┌──
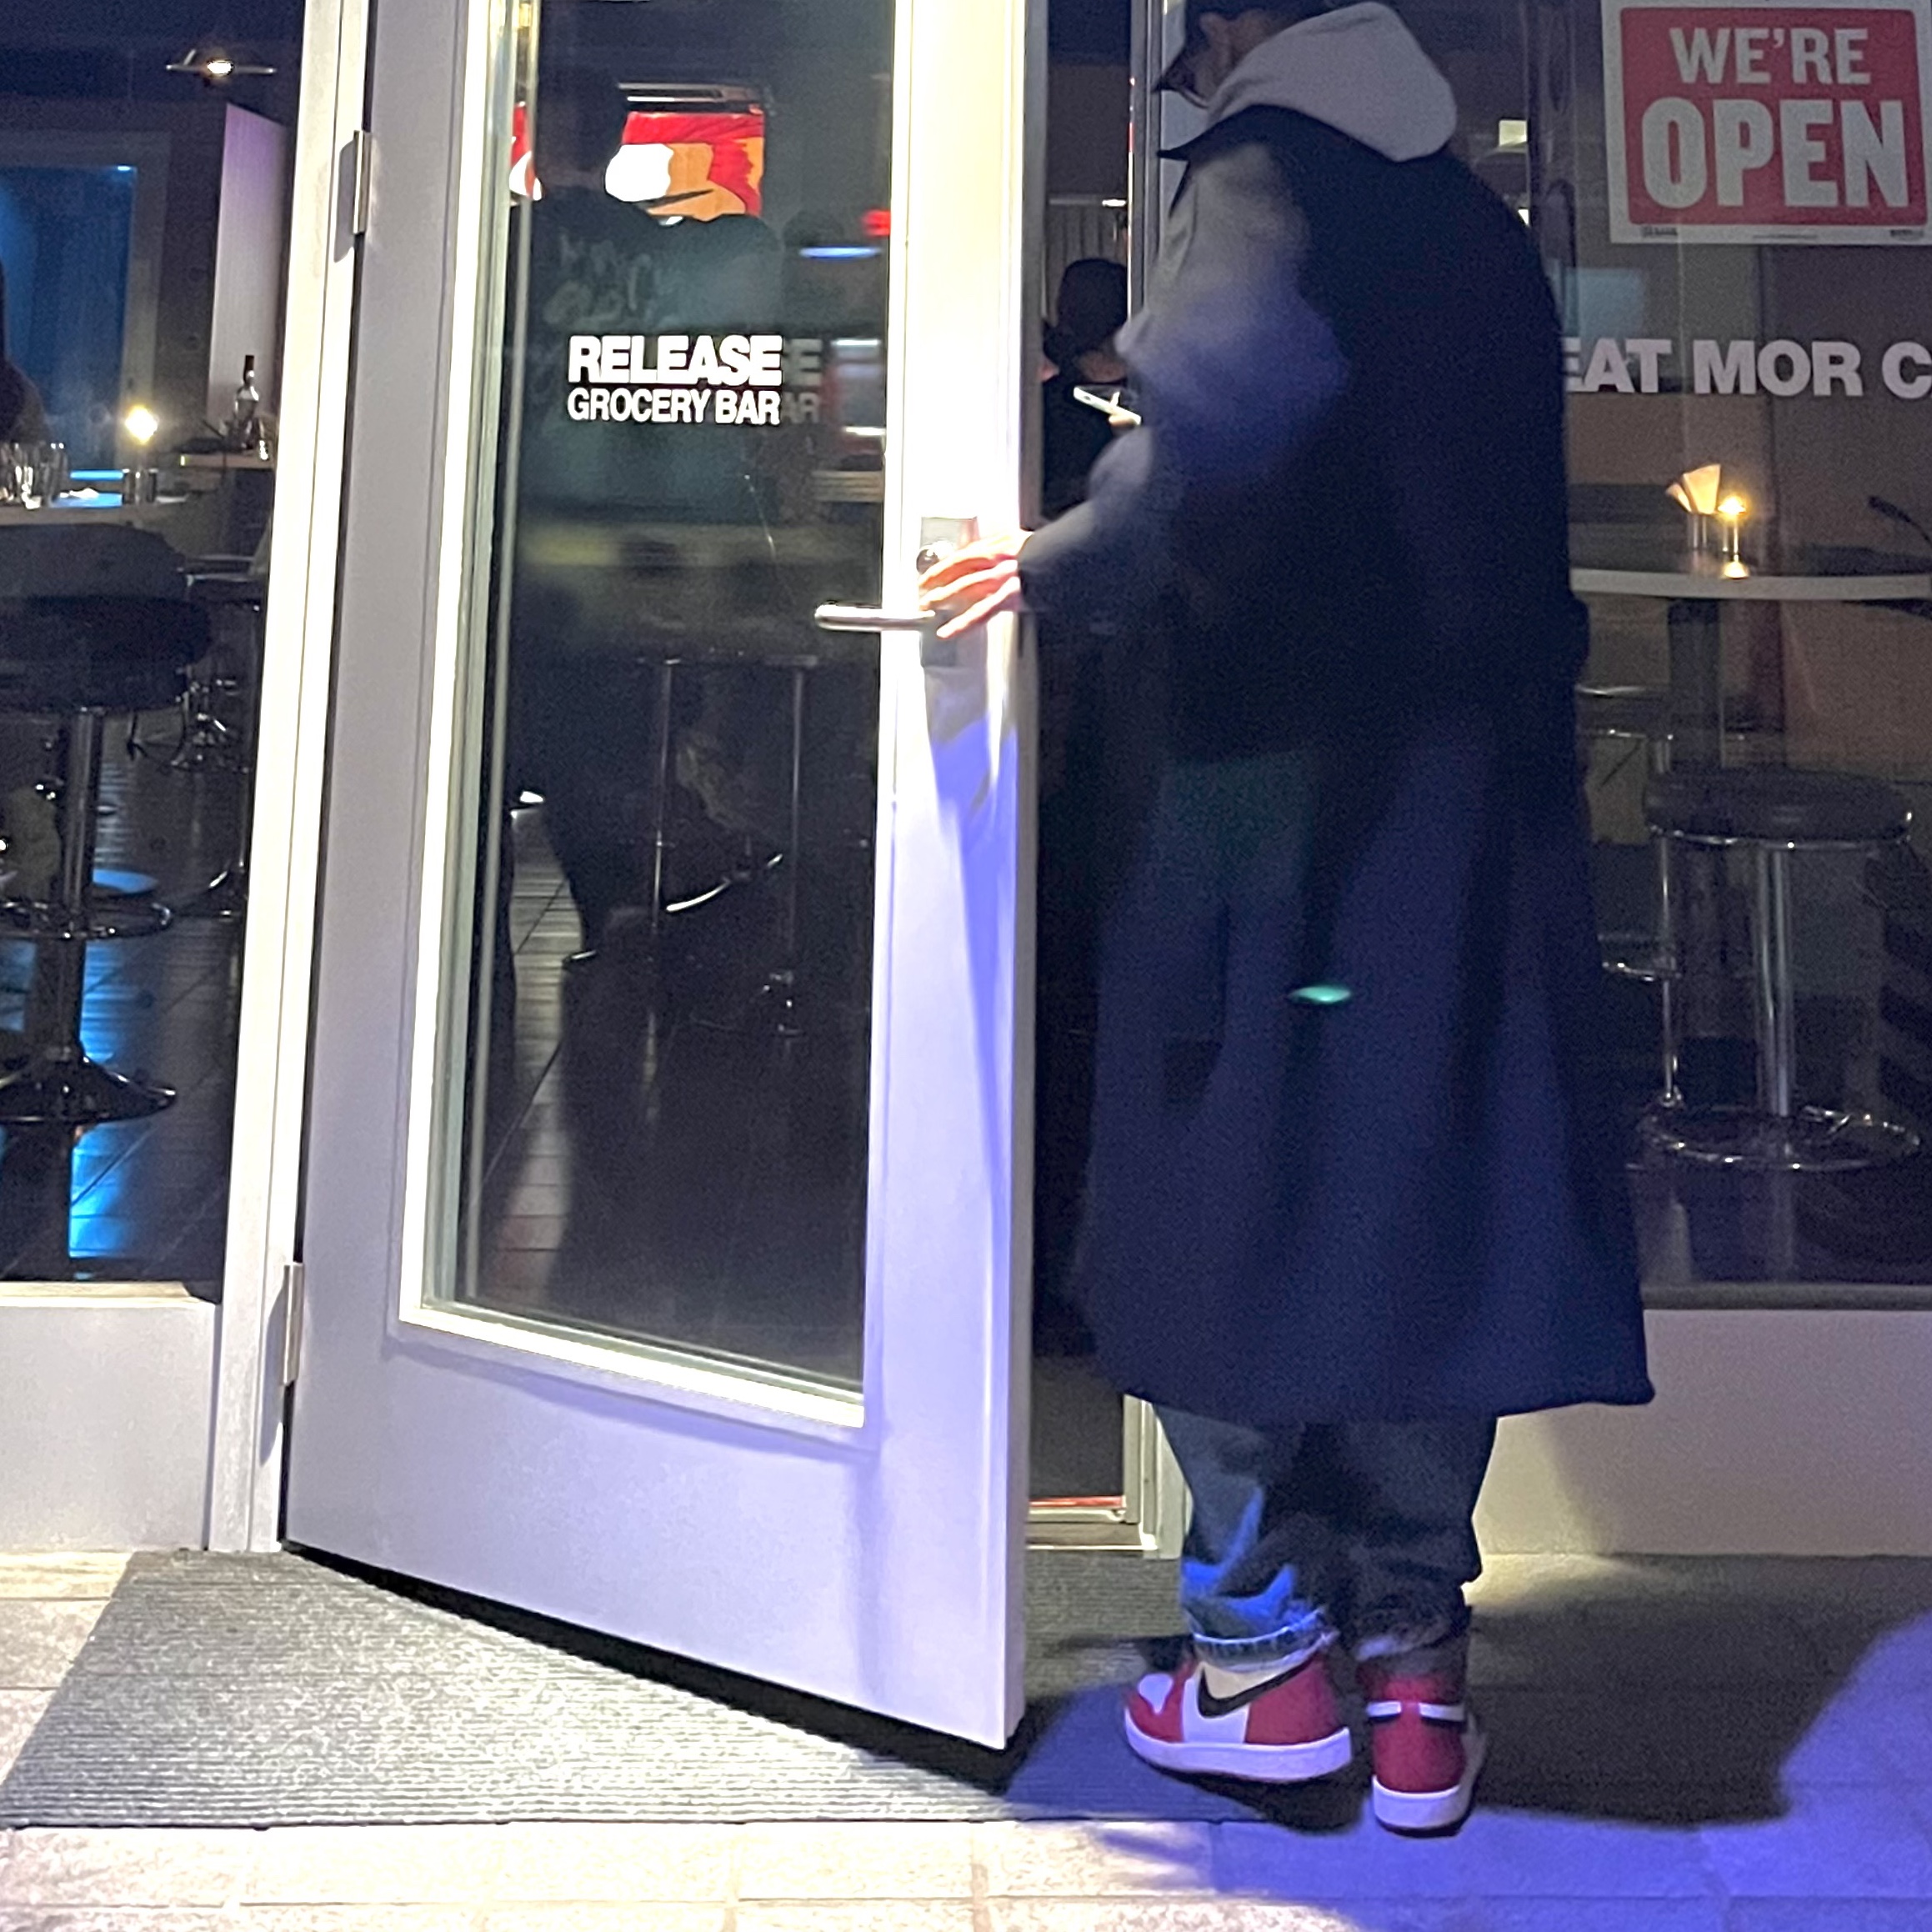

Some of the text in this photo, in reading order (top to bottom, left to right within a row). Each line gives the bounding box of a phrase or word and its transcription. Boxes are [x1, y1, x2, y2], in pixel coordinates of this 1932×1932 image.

[1669, 28, 1871, 84] WE'RE
[1641, 96, 1909, 208] OPEN
[568, 334, 783, 387] RELEASE
[1693, 340, 1864, 397] MOR
[568, 388, 711, 423] GROCERY
[714, 390, 781, 426] BAR
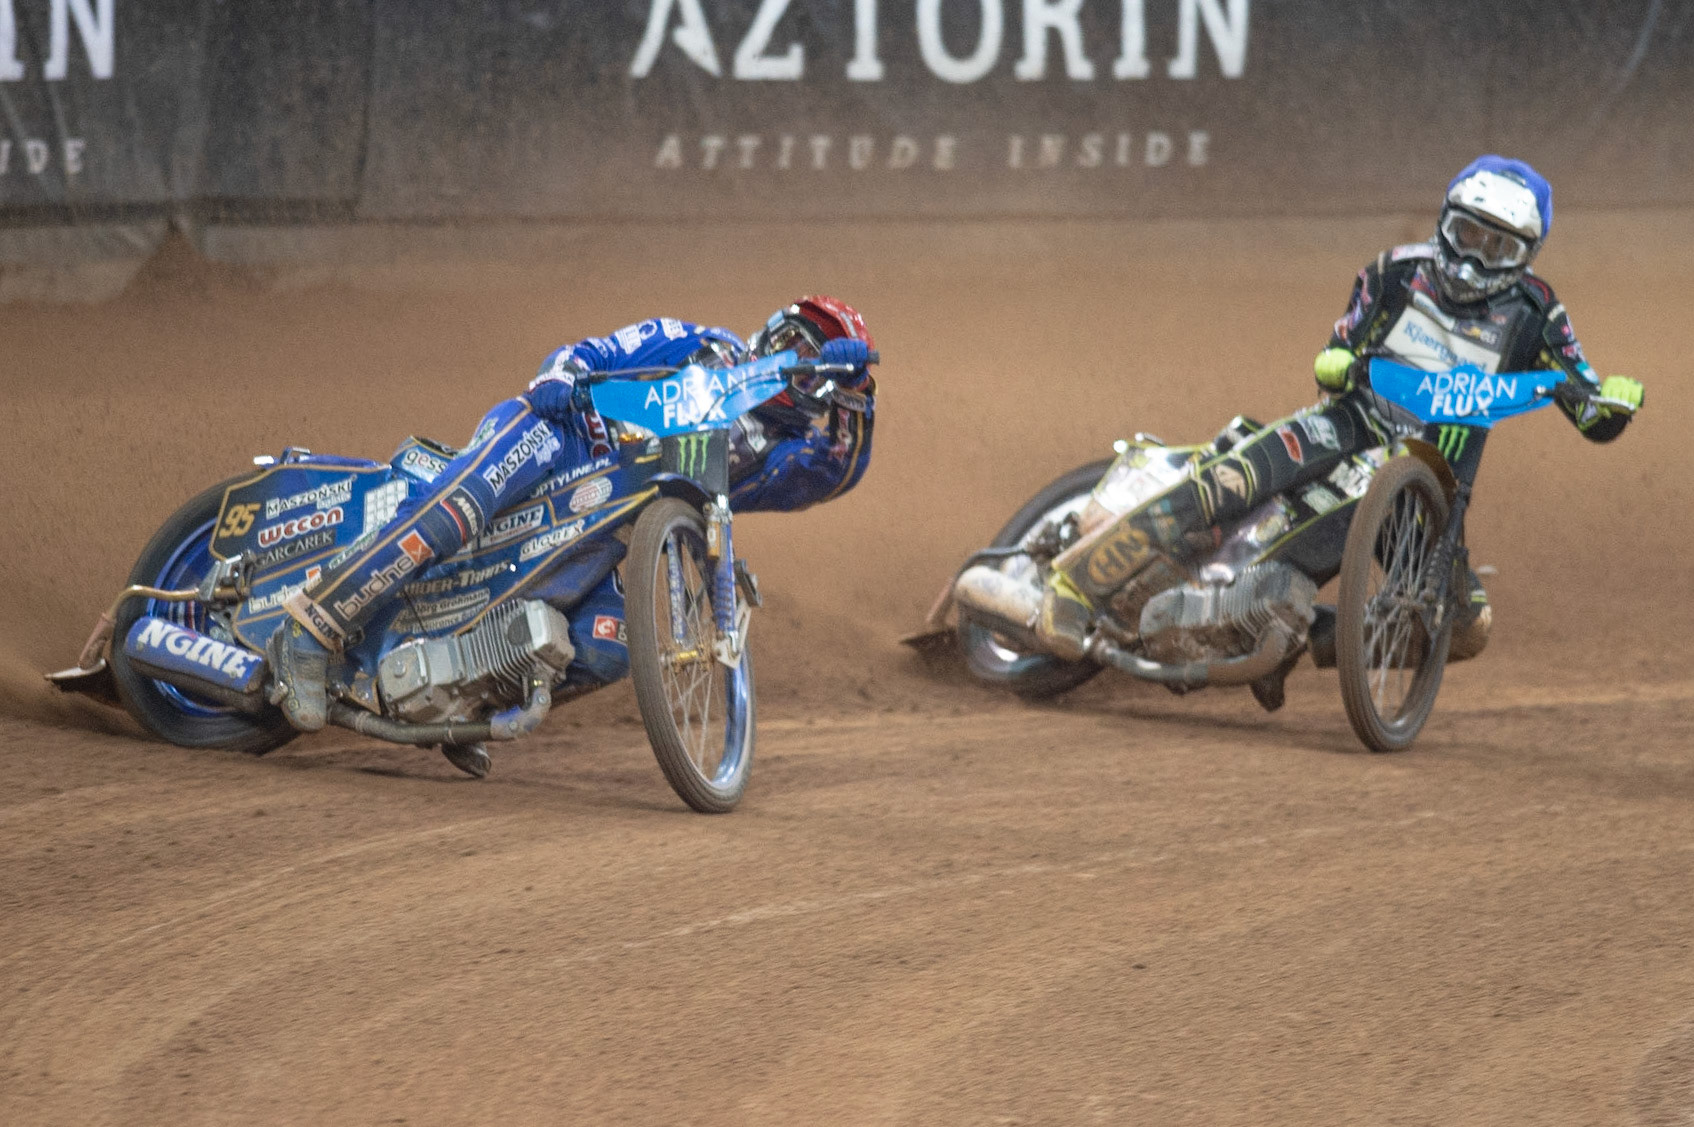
└──
Leave the pictures out and print the records above exactly as they stand.

■ Exercise result
Some of the text in this photo, in reading order (top to bottom, left to right within a row). Each line gives the bounding box of a phrase or word and its transcription. Boxes are [x1, y1, x2, y2], in pixel coordinates of this 1932×1932 image.

[1669, 28, 1871, 84] WE'RE
[1641, 96, 1909, 208] OPEN
[568, 334, 783, 387] RELEASE
[1693, 340, 1864, 397] MOR
[568, 388, 711, 423] GROCERY
[714, 390, 781, 426] BAR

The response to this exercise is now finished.